Jonah (Chicago Blaze #7) - Brenda Rothert
My heart races but my hands remain steady on my weapon. A Phoenix Police Department officer pounds a steel front door with a hand-held battering ram and the hinges rattle, nearly breaking free. Another strike with the ram and the door bursts open.
“Hands in the air!” my colleague Adrian shouts, entering the rundown three-bedroom ranch-style house. “Police! Hands in the air!”
I enter the house, overcome by the smell of pepperoni pizza and pot smoke. The sound of gunfire heightens my senses as I move behind a wall for cover.
My bulletproof vest isn’t enough protection for a mad dash through this room while bullets are flying. My job isn’t to fire on these guys—my colleagues have that covered.
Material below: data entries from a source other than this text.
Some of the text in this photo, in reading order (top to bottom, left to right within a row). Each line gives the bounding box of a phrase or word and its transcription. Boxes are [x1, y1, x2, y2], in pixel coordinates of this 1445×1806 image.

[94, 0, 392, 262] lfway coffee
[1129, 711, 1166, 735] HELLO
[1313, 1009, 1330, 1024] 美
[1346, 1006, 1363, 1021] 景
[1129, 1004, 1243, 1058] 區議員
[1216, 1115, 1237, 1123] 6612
I’m here to find the victim.
“Get back in here, you piece of shit,” another Phoenix officer shouts, hauling back a man trying to flee through a window by pulling on the belt fastened around the waist of his jeans.
I poke my head around a corner and it’s clear enough that I’m able to crawl to the hallway. There are four doors in the hallway, all closed. With a deep breath, I stand up and call out my arrival before opening the first one.
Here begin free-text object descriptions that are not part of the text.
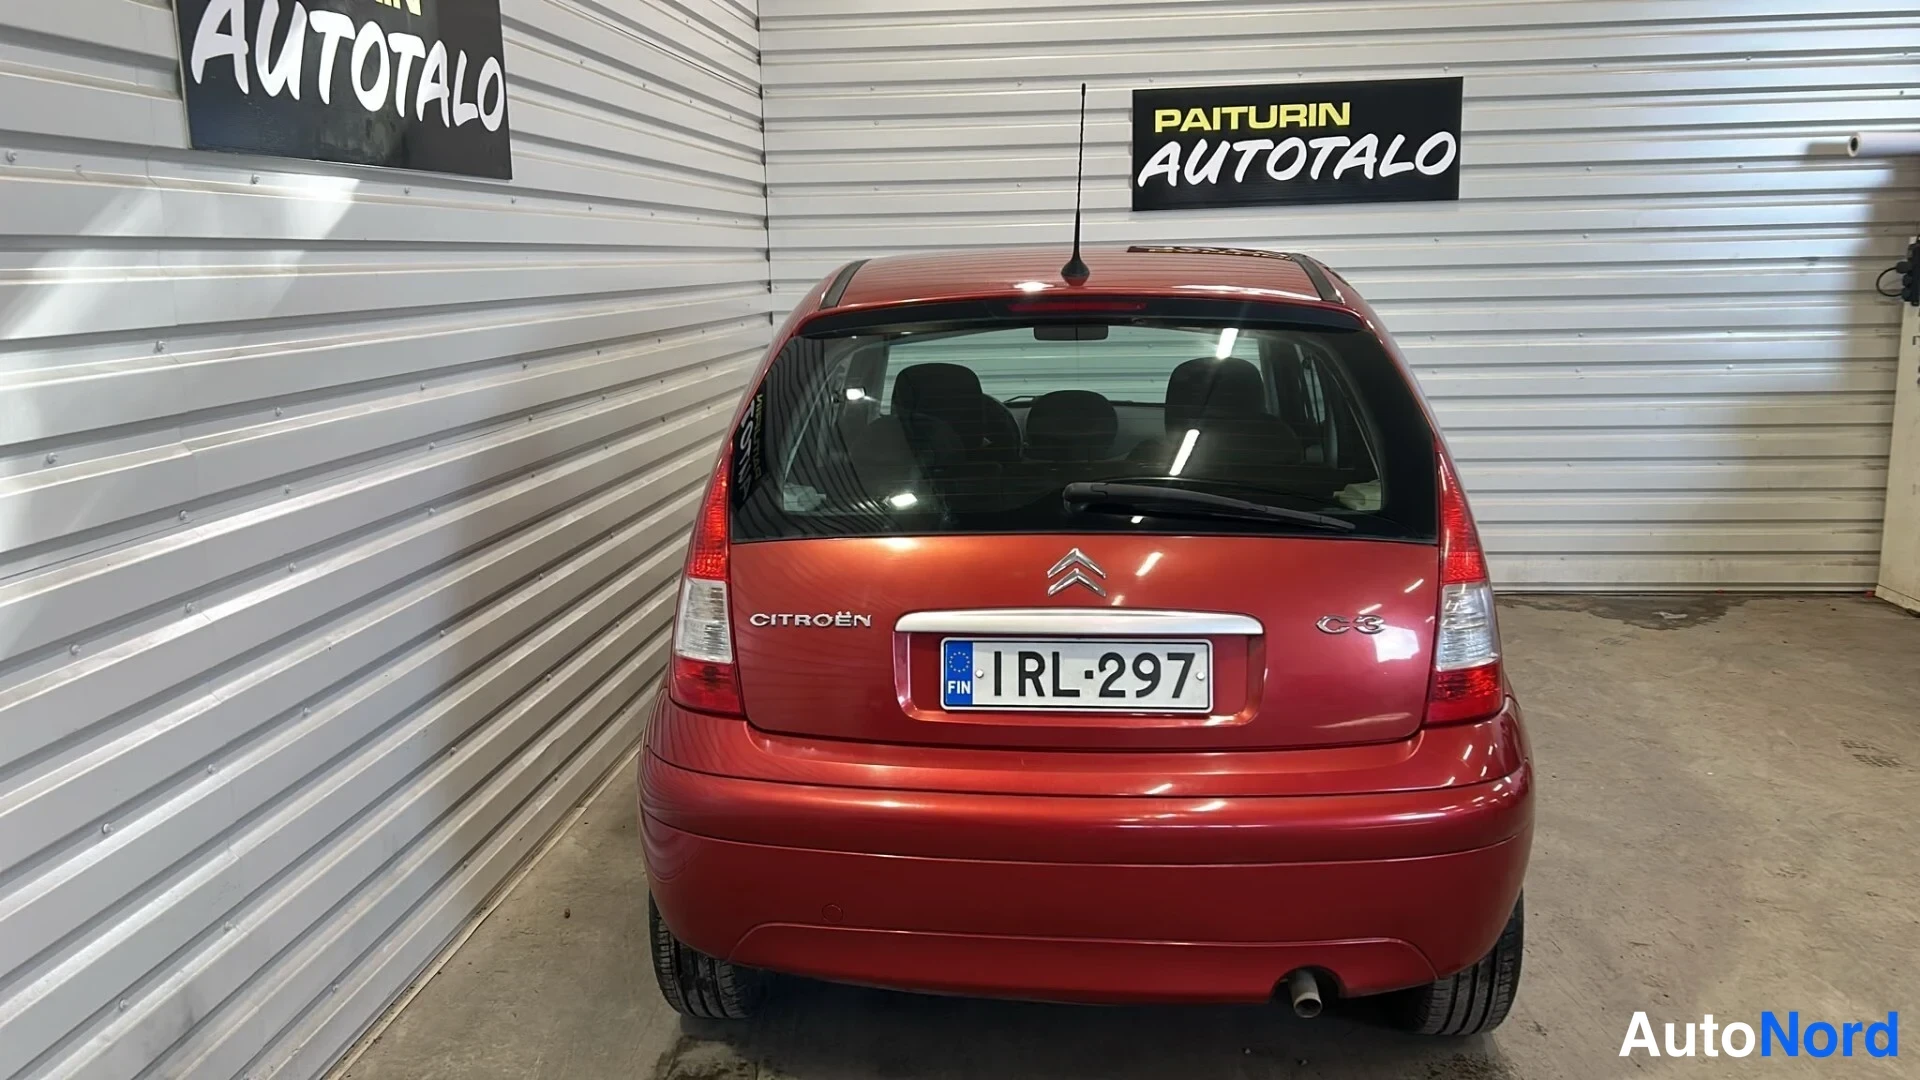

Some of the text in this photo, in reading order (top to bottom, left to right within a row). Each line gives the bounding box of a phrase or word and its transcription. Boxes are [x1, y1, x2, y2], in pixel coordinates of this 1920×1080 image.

[191, 0, 504, 132] AUTOTALO
[1154, 102, 1351, 133] PAITURIN
[1137, 131, 1457, 188] AUTOTALO
[749, 611, 872, 627] CITROËN
[1315, 614, 1386, 635] C3
[947, 680, 971, 695] FIN
It’s a dimly lit bathroom, all but one bulb in the light fixture above the sink burned out. The smell of rubber draws my gaze to a trash can in the corner of the room, and my stomach turns at the sight of used condoms, some hanging over the edge of the can, others dropped on the dirty linoleum floor.
I repeat the process at the next door, which is a tiny bedroom with dirty clothes scattered over the stained carpet and the giant bed that nearly fills the room. Keeping my weapon aimed in front of me, I approach the double closet doors and lower one hand to the handle, opening it.
There are several guns, including a semi-automatic rifle, on a shelf. I also see a pile of cash, a bong and more dirty clothes. There’s no one in this room, so I move on.
At the next door, I announce myself and open the door. When I flip the light switch on the wall, I see that this room is a lot like the last one. Smelly, with dirty clothes piled in a corner. There’s an empty pizza box on the floor and empty alcohol bottles crowding a small table. The big bed has no sheets and a stained, sagging mattress. The one window has plywood nailed into its frame.
Gun leveled, I make my way around to the side of the bed. There’s only about a foot between the bed and the wall, and a girl is huddled in the corner there, hugging her knees to her chest and shaking.
I exhale hard, relieved she’s alive. Then I lower my weapon.
“My name is Reyna Diaz,” I say gently. “I’m a federal agent, and I’m here to help you.”
She lifts her head from her knees to peek up at me, her dark eyes filled with terror. I stay where I am, knowing from my training that any sudden movement or getting too close could scare her even more right now.
“We’re clear,” Adrian says over the radio. “Two suspects deceased, one in custody.”
Knowing it’s safe to holster my gun after getting the all clear, I do so. I make sure the girl can see my empty hands in front of me, and I repeat, “I’m here to help you. I’m a federal agent. Okay?”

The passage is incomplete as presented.